Referring expression grounding data
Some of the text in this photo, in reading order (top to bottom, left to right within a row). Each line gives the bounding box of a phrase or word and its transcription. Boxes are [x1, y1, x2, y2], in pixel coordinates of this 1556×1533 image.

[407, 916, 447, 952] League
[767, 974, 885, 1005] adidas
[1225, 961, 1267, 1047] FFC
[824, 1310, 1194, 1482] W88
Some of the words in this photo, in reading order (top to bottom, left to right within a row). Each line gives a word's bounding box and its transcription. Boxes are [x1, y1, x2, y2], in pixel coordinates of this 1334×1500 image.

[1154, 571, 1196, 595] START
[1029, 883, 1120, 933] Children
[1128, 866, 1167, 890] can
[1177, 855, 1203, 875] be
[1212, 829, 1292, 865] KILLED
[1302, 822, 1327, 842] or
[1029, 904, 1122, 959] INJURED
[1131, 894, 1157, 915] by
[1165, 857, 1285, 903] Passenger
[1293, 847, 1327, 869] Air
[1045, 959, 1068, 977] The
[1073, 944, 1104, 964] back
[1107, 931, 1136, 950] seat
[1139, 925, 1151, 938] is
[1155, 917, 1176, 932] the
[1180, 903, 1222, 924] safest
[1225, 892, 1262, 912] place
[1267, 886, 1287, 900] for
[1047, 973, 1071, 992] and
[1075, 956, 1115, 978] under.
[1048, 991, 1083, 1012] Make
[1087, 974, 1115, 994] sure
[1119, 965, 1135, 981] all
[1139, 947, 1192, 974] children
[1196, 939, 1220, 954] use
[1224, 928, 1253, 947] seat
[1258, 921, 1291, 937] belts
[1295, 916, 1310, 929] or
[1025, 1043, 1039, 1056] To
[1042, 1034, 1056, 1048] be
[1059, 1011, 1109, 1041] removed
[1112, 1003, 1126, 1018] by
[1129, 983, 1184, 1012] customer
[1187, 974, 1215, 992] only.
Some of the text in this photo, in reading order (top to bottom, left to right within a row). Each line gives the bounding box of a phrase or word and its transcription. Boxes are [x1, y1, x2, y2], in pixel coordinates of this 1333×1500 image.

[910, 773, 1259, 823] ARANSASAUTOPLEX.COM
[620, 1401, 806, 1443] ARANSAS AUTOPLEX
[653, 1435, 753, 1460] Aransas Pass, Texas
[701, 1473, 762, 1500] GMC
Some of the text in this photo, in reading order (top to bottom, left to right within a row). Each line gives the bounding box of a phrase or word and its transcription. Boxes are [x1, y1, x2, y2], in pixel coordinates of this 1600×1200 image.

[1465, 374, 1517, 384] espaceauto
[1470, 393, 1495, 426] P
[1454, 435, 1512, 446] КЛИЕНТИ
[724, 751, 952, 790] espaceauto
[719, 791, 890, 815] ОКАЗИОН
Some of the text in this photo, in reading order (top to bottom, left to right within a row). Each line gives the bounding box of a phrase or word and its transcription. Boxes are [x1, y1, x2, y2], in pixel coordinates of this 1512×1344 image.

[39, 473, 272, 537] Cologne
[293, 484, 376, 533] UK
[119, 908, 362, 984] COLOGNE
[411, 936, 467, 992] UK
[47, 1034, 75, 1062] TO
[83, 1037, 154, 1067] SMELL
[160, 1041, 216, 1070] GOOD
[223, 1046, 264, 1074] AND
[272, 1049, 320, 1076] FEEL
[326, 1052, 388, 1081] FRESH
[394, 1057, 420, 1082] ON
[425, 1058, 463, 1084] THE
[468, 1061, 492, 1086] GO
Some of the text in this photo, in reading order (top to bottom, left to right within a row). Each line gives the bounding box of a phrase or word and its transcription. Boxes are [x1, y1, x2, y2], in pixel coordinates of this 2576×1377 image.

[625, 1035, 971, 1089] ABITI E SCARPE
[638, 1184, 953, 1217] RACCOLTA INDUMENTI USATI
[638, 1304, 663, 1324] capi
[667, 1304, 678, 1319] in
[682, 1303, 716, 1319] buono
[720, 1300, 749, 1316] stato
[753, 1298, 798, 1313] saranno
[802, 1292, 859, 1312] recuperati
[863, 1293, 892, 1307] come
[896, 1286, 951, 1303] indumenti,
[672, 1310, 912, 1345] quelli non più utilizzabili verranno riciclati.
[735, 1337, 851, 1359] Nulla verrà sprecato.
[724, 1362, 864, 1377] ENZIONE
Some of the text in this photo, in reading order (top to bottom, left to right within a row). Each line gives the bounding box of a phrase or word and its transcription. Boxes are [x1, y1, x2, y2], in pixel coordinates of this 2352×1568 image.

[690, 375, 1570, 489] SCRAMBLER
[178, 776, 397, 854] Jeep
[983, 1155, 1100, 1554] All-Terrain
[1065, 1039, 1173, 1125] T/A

- [WHAT YOU NEED TO DO]:
Nothing in the data may be left out. Copy all of it exactly.

- [RESPONSE TO THIS TASK]:
Some of the text in this photo, in reading order (top to bottom, left to right within a row). Each line gives the bounding box of a phrase or word and its transcription. Boxes are [x1, y1, x2, y2], in pixel coordinates of this 1556×1533 image.

[407, 916, 447, 952] League
[767, 974, 885, 1005] adidas
[1225, 961, 1267, 1047] FFC
[824, 1310, 1194, 1482] W88
Some of the words in this photo, in reading order (top to bottom, left to right within a row). Each line gives a word's bounding box and its transcription. Boxes are [x1, y1, x2, y2], in pixel coordinates of this 1334×1500 image.

[1154, 571, 1196, 595] START
[1029, 883, 1120, 933] Children
[1128, 866, 1167, 890] can
[1177, 855, 1203, 875] be
[1212, 829, 1292, 865] KILLED
[1302, 822, 1327, 842] or
[1029, 904, 1122, 959] INJURED
[1131, 894, 1157, 915] by
[1165, 857, 1285, 903] Passenger
[1293, 847, 1327, 869] Air
[1045, 959, 1068, 977] The
[1073, 944, 1104, 964] back
[1107, 931, 1136, 950] seat
[1139, 925, 1151, 938] is
[1155, 917, 1176, 932] the
[1180, 903, 1222, 924] safest
[1225, 892, 1262, 912] place
[1267, 886, 1287, 900] for
[1047, 973, 1071, 992] and
[1075, 956, 1115, 978] under.
[1048, 991, 1083, 1012] Make
[1087, 974, 1115, 994] sure
[1119, 965, 1135, 981] all
[1139, 947, 1192, 974] children
[1196, 939, 1220, 954] use
[1224, 928, 1253, 947] seat
[1258, 921, 1291, 937] belts
[1295, 916, 1310, 929] or
[1025, 1043, 1039, 1056] To
[1042, 1034, 1056, 1048] be
[1059, 1011, 1109, 1041] removed
[1112, 1003, 1126, 1018] by
[1129, 983, 1184, 1012] customer
[1187, 974, 1215, 992] only.
Some of the text in this photo, in reading order (top to bottom, left to right within a row). Each line gives the bounding box of a phrase or word and its transcription. Boxes are [x1, y1, x2, y2], in pixel coordinates of this 1333×1500 image.

[910, 773, 1259, 823] ARANSASAUTOPLEX.COM
[620, 1401, 806, 1443] ARANSAS AUTOPLEX
[653, 1435, 753, 1460] Aransas Pass, Texas
[701, 1473, 762, 1500] GMC
Some of the text in this photo, in reading order (top to bottom, left to right within a row). Each line gives the bounding box of a phrase or word and its transcription. Boxes are [x1, y1, x2, y2], in pixel coordinates of this 1600×1200 image.

[1465, 374, 1517, 384] espaceauto
[1470, 393, 1495, 426] P
[1454, 435, 1512, 446] КЛИЕНТИ
[724, 751, 952, 790] espaceauto
[719, 791, 890, 815] ОКАЗИОН
Some of the text in this photo, in reading order (top to bottom, left to right within a row). Each line gives the bounding box of a phrase or word and its transcription. Boxes are [x1, y1, x2, y2], in pixel coordinates of this 1512×1344 image.

[39, 473, 272, 537] Cologne
[293, 484, 376, 533] UK
[119, 908, 362, 984] COLOGNE
[411, 936, 467, 992] UK
[47, 1034, 75, 1062] TO
[83, 1037, 154, 1067] SMELL
[160, 1041, 216, 1070] GOOD
[223, 1046, 264, 1074] AND
[272, 1049, 320, 1076] FEEL
[326, 1052, 388, 1081] FRESH
[394, 1057, 420, 1082] ON
[425, 1058, 463, 1084] THE
[468, 1061, 492, 1086] GO
Some of the text in this photo, in reading order (top to bottom, left to right within a row). Each line gives the bounding box of a phrase or word and its transcription. Boxes are [x1, y1, x2, y2], in pixel coordinates of this 2576×1377 image.

[625, 1035, 971, 1089] ABITI E SCARPE
[638, 1184, 953, 1217] RACCOLTA INDUMENTI USATI
[638, 1304, 663, 1324] capi
[667, 1304, 678, 1319] in
[682, 1303, 716, 1319] buono
[720, 1300, 749, 1316] stato
[753, 1298, 798, 1313] saranno
[802, 1292, 859, 1312] recuperati
[863, 1293, 892, 1307] come
[896, 1286, 951, 1303] indumenti,
[672, 1310, 912, 1345] quelli non più utilizzabili verranno riciclati.
[735, 1337, 851, 1359] Nulla verrà sprecato.
[724, 1362, 864, 1377] ENZIONE
Some of the text in this photo, in reading order (top to bottom, left to right within a row). Each line gives the bounding box of a phrase or word and its transcription. Boxes are [x1, y1, x2, y2], in pixel coordinates of this 2352×1568 image.

[690, 375, 1570, 489] SCRAMBLER
[178, 776, 397, 854] Jeep
[983, 1155, 1100, 1554] All-Terrain
[1065, 1039, 1173, 1125] T/A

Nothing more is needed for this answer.